Baby’s on Fire
By Liz Prato
Press 53, 2015
142 pages, $14.95
Reviewed by Laryssa Wirstiuk

fire

When feeling sorry for themselves, some people will try to break their self pity by repeating a mantra that begins something like, “In the grand scheme of things….” Blah, blah, blah. Of course, when viewed from outer space, we humans are all just specks of dust. But fiction defies that smallness; instead, a great short story not only amplifies a character’s most personal concerns; it elevates them.

In her debut collection Baby’s on Fire, Liz Prato honors the individual’s small battles; her preoccupied but never self-absorbed characters are knee-deep in their personal struggles: negotiating what places to call home; defining and redefining relationships; caring for the injured and ill; and communicating with difficult people.

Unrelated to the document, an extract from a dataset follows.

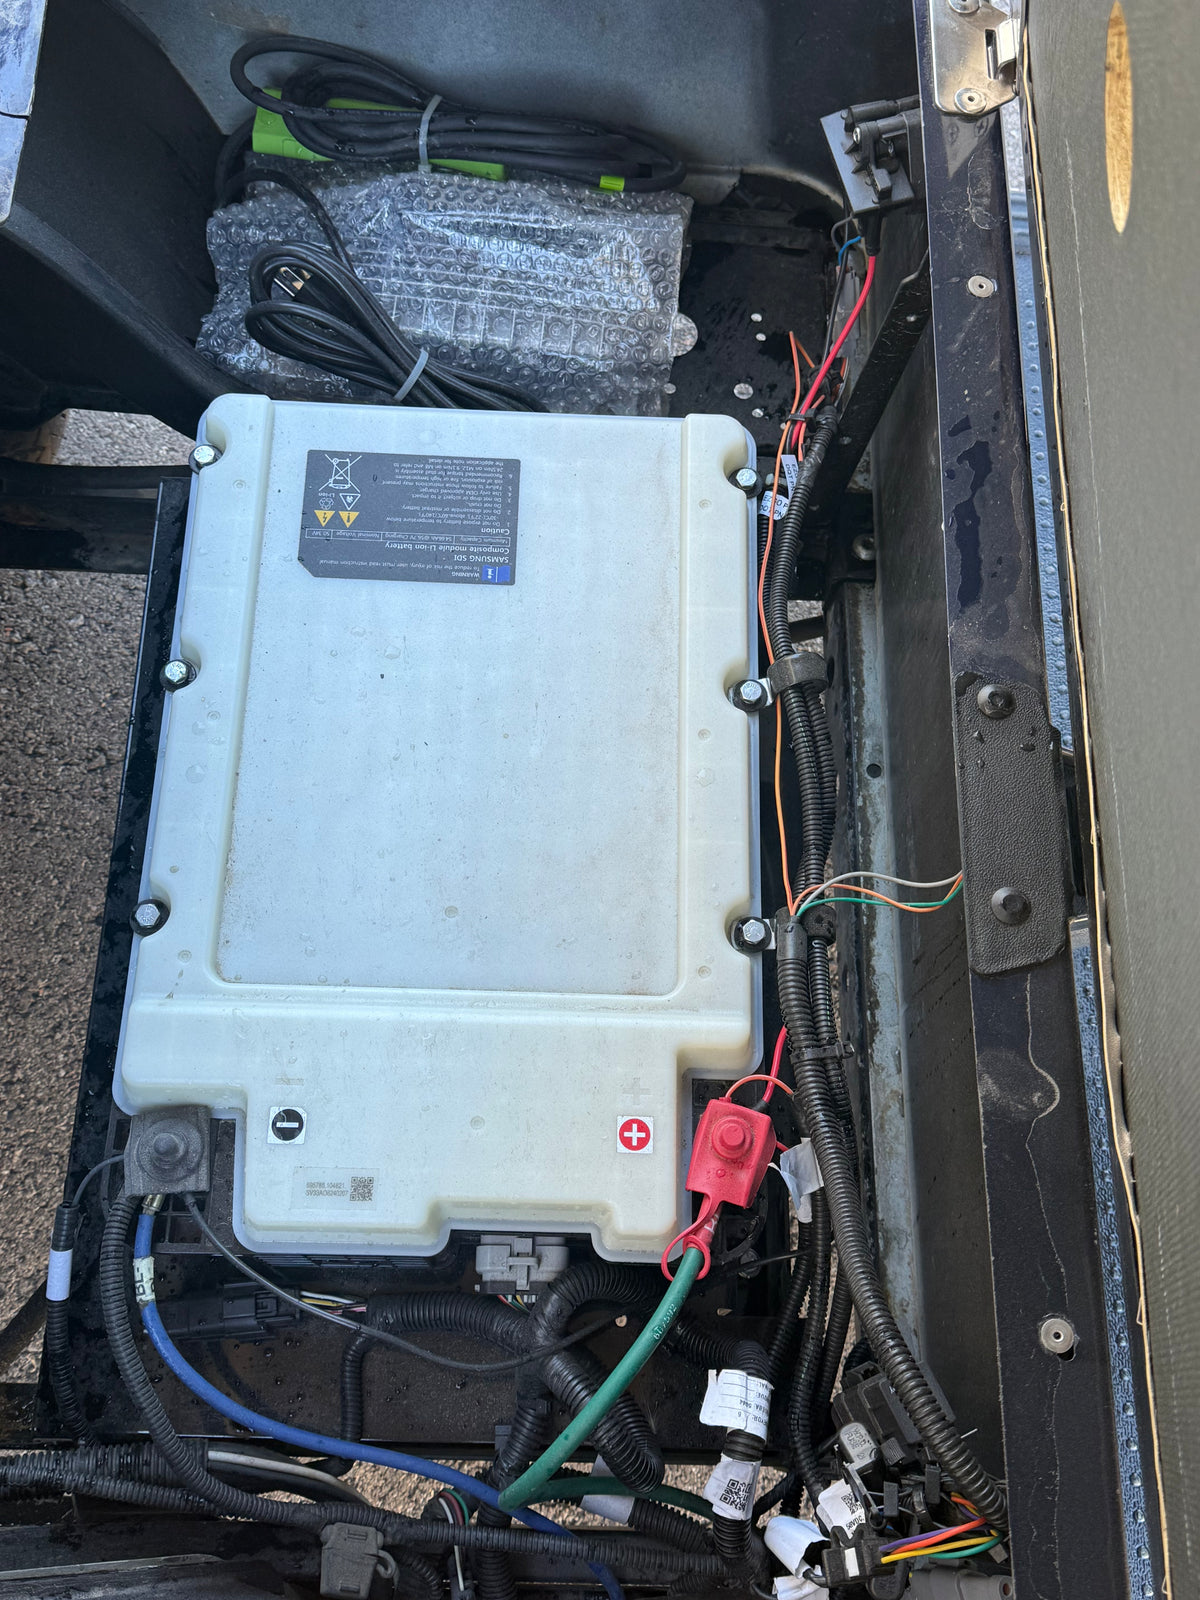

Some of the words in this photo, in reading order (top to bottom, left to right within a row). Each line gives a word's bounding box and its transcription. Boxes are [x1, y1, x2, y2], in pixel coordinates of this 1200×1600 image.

[385, 541, 412, 550] battery
[469, 545, 509, 554] Composite
[469, 555, 509, 563] SAMSUNG

In 2014, Baby’s on Fire won second place in Press 53’s Award for Short Fiction. The press’ Founder and Publisher Kevin Morgan Watson said, “It was a collection we couldn’t pass up,” and its stories appeared in journals such as Hunger Mountain, Cream City Review, and Iron Horse Literary Review. Prato’s prose is widely appealing and many-layered: her language is breezy and deceptively casual, while her content is visceral

With the exception of one story, all of Prato’s protagonists are female, but they embody femininity in their own ways. In the story “Cool Dry Ice,” a woman adjusts her hair and reapplies lipstick in preparation for meeting her lover during a layover at an airport, while in “Riding to the Shore,” a woman kneels in a tub, rubbing the back of her cancer-afflicted partner, who vomits in the toilet beside her. That same ill woman also plays with her womanhood, even in the face of debilitating illness. “Ginny stood on the counter of the diner decorated in tinfoil…She’d made bracelets and earrings and a fake-fancy necklace by folding and shaping tiny glinting pieces. She even made a tinfoil tiara, perched on her red wig from the chemo clinic.” Though Ginny is a tinfoil version of a Hollywood actress, she still owns her presence and inspires laughter in the people around her.

Only a woman could write this book. No one, not even a man, will be able to read Prato’s story “I See You in the Bright Night” and walk alone at night without thinking of this passage: “…but it’s a funny thing: the later it is, the safer it becomes. Men who hurt women aren’t any different from regular folks in that way. At two-thirty in the morning they want to be home in bed with their wives or girlfriends, or whoever.” Most of Prato’s stories are written in this same tone: like a friend—more an acquaintance than a best friend—sharing a story or secret in passing. Every once in a while, this person, unaware of her brilliance, will share the most insightful comment. Imagine arguing about whether that damn dress is white and gold or blue and black. Prato would interject with her wisdom, “It all means the same when painted on a winter sky: snow was on the way.”

The title story and the book borrow their name from Brian Eno: a song on his 1973 debut album Here Come the Warm Jets. In the title story, protagonist Jude is a recent college graduate who has endured a string of unfortunate events. Depressed, she leaves Colorado to live with her mom and brother in Portland but arrives to a burned-down house and all her personal belongings, which she had mailed ahead of her, in ashes.

In an effort to distract themselves from their newfound homelessness, Jude and her brother attend a party with some people she used to know. In the bedroom of Jimmy, her on-again, off-again guy, she hears Brian Eno’s song for the first time; it’s completely unlike “music for airports, the kind airports never really played. But this song pushed against me from the inside, pissed as shit and dying to break out.” Originally from Denver and now living in Portland, Prato seems to be paying homage to her own lived-in places.

But other characters aren’t lucky enough to find growth in the places they know; they’re forced to confront change and messy emotions during transit, while in foreign places, or even at airports during layovers. Many of Prato’s characters are traveling or moving, and they find inspiration and life force in changes of scenery. In “Riding to the Shore” just the promise of a new place keeps the characters moving forward. Prato writes, “We’d have wine and vanilla bean ice cream, if that’s what Ginny wanted that day. The two of us would lie back in the sun, letting out skin grow warm and wet in the middle of the lake.” Prato reminds us that hope is bigger than our relative smallness.